Nine years later, the number of declared political science majors has remained roughly the same. Enrollment in the computer science program skyrocketed, however, with more than 2,000 students declaring the major.
Similar trends can be seen in other humanities and STEM majors, despite an overall increase in admitted students.
Over the same nine-year period, the overall number of English, rhetoric, anthropology and history majors fell by more than 40% while the data science major went from being nonexistent in the 2017-18 academic year to garnering more than 1,000 students.
While the numbers tell one story, campus lecturers and professors offer a different perspective on the roles of STEM and the humanities.
For Hannah Zeavin, a lecturer in campus's English and history departments, the humanities may be key to informing decisions made in traditionally STEM fields.
“Humanities and social science programs offer indispensable lenses for students working in STEM,” Zeavin said. “The challenges facing scientists — including health disparities and UX design — can be united by how they would be better addressed by taking the humanities more seriously.”
While there are issues of decreasing enrollment in some humanities majors, Zeavin said there is growing interest in working in fields that unite different disciplines in “productive intersections.”
Cathryn Carson, professor and chair of campus's history department, added there was a “groundswell of interest” that prompted the creation of one such intersection: the science, technology and society minor.
The minor, which falls under campus's Center for Science, Technology, Medicine and Society, aims to provide “critical apertures” to contemporary issues ranging from systemic racism in health care to ethical issues in biotechnology, according to Zeavin.
Zeavin noted science and technology studies can bring together students from various disciplines to “detangle” complex socioethical systems and prompt productive debates.
“Berkeley has been a leader in the world on thinking through these problems, and there are many spaces for undergraduates to get involved,” Zeavin said. “Seeing engineering students and data science students together, they will complement each other strongly. It's not an 'either-or' situation.”
Carson echoed Zeavin's sentiments on what the future of STEM and the humanities may look like. Instead of viewing the two as completely separate disciplines, Carson said they “mutually shape each other.”
Using data science as an example, Carson said the discipline needs the perspectives and approaches of the humanities to consider its impacts on people. According to Carson, each aspect of STEM has some implication for human beings that require a more critical lens to address responsibly.

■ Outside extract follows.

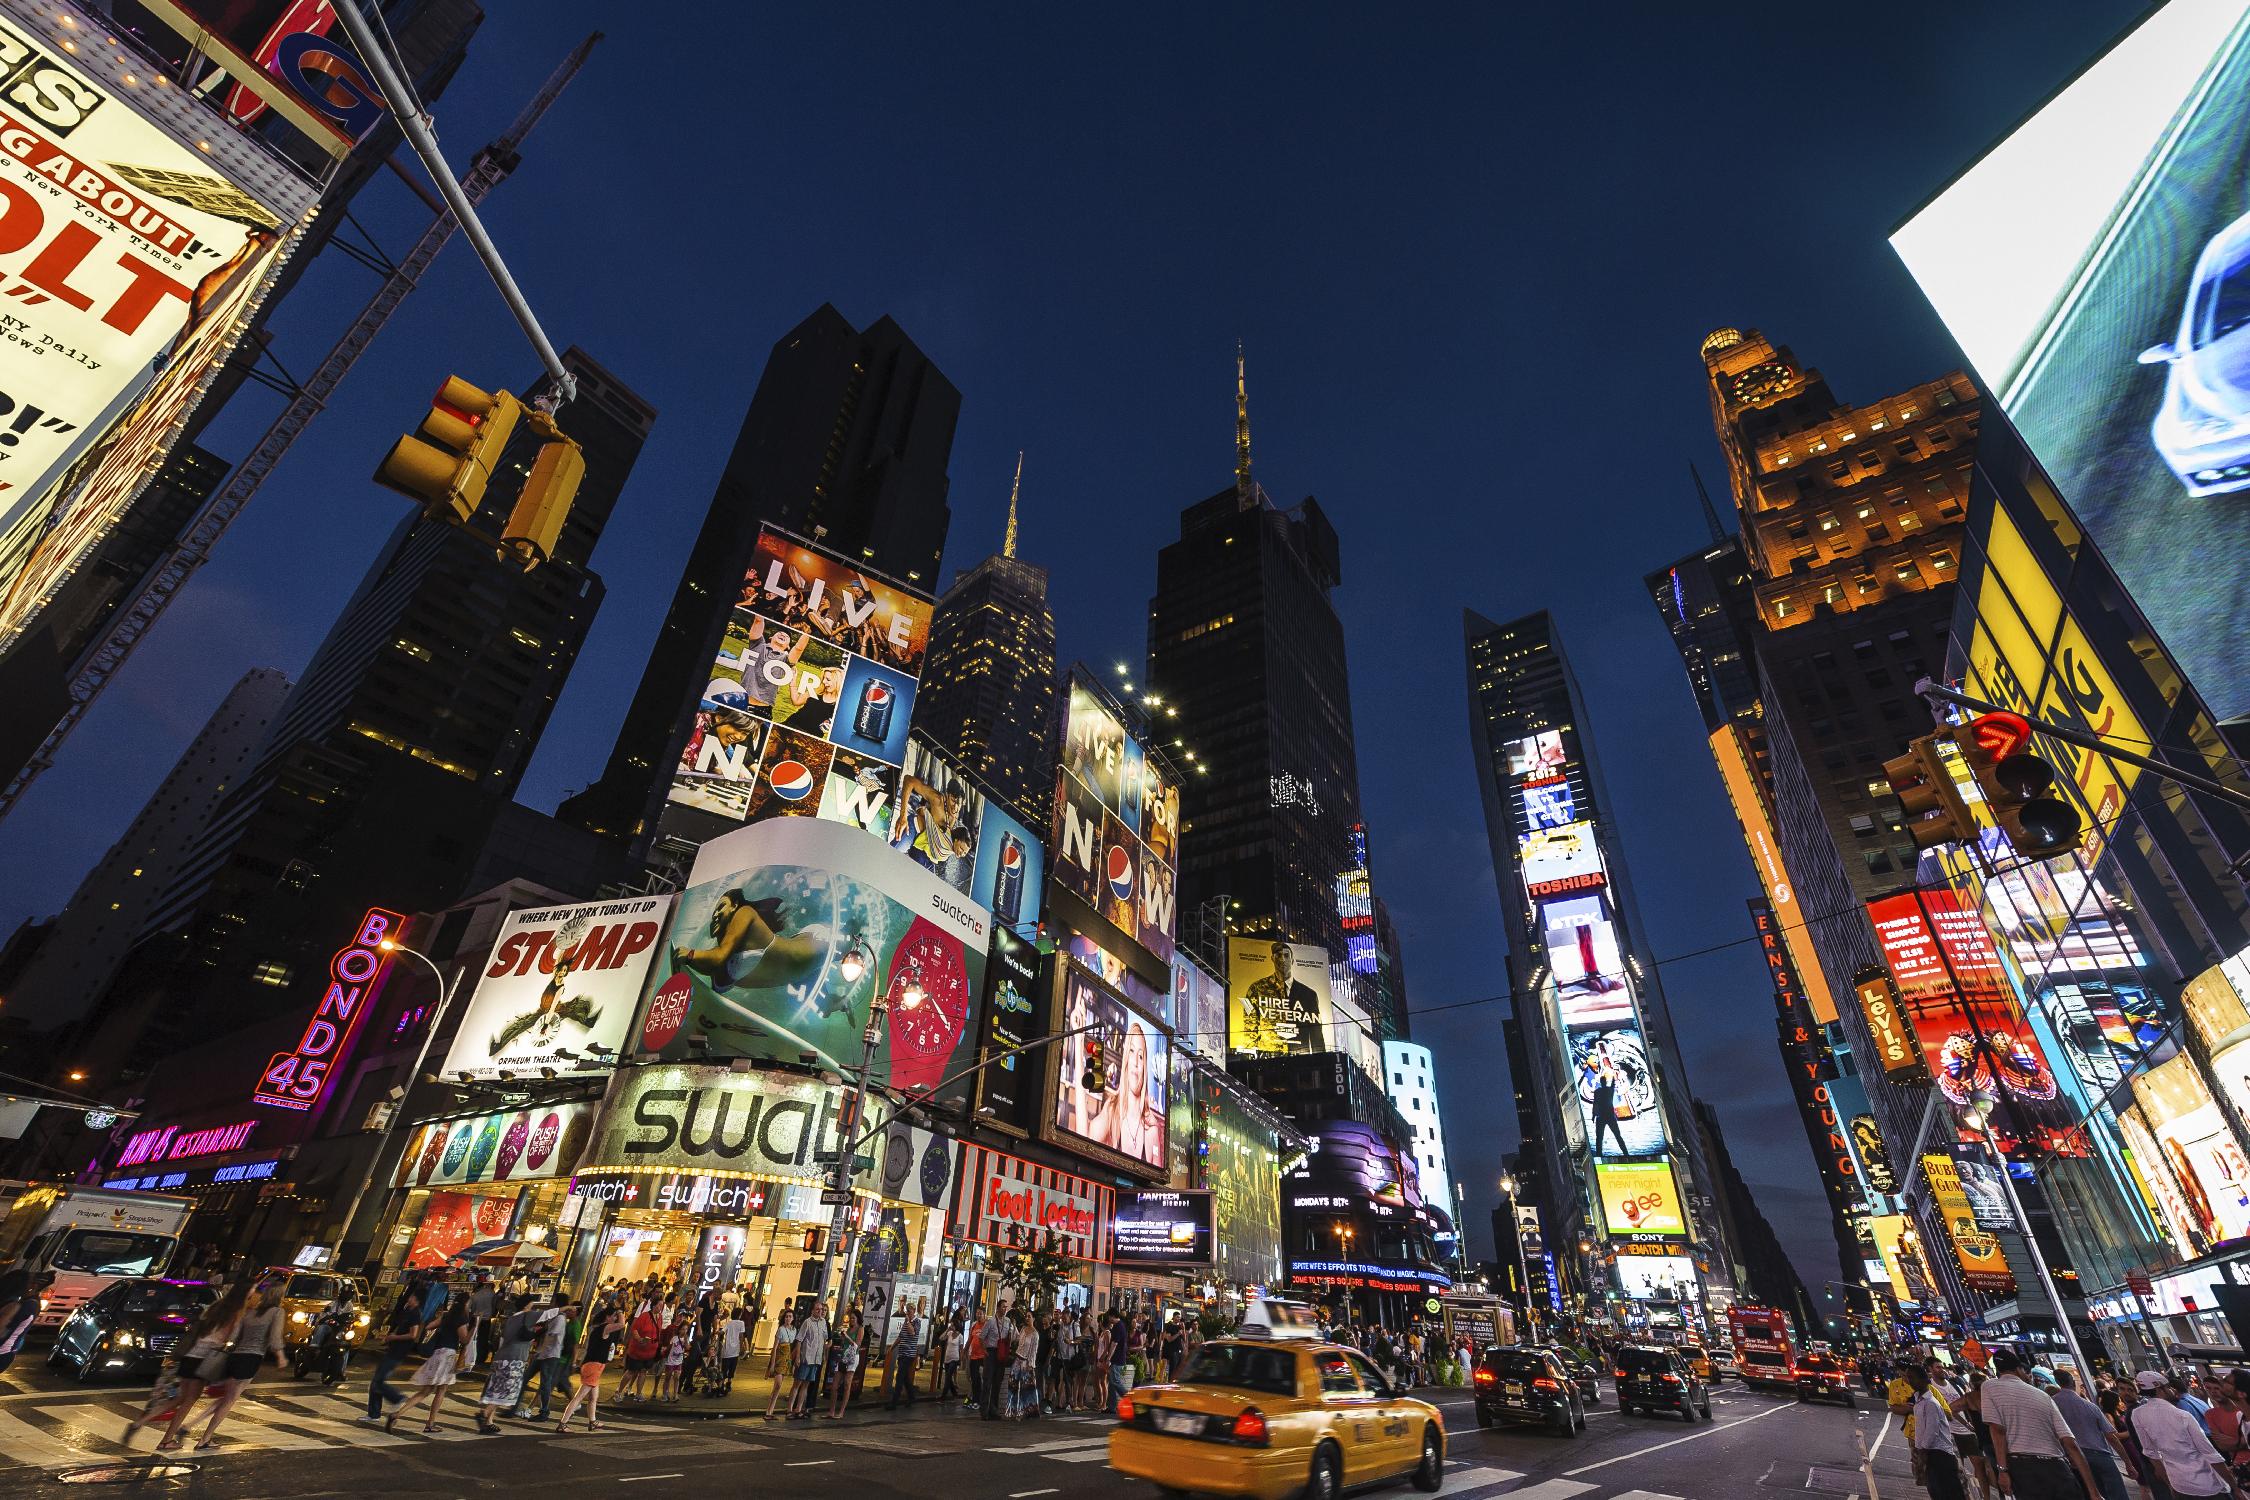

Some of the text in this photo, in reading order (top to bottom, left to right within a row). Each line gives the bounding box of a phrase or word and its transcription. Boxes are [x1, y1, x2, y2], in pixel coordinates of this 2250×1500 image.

“Data science considers how human beings find themselves reflected or shaped in the data,” Carson said. “To examine structures in race and class, we have to consult the humanities.”
Carson added the humanities bring a wealth of experience and potential answers to “questions of humanity and existence.”
In other words, according to Carson, human beings are both “shaped by STEM and shape STEM.” Beyond classes, Carson pointed to an increased emphasis on ethics in STEM disciplines and highlighted a recent ASUC resolution that called for more ethics courses in these majors.
“There is no STEM without human beings,” Carson said.
Although Carson discussed how STEM and the humanities are intertwined, she emphasized the power methods from the humanities independent of other disciplines.
Assistant professor of practice in the School of Information Daniel Aranki agreed, noting the importance of preserving each discipline’s “core identity,” while still benefiting from techniques from different fields.
“Just as the study of ethics is proving fundamental for engineers and data scientists, some STEM methods can benefit humanities and social sciences,” Aranki said in an email. “The idea is not for everyone to be an expert in STEM methods, but rather to expand their skill set to include some tools that could help them in their own study.”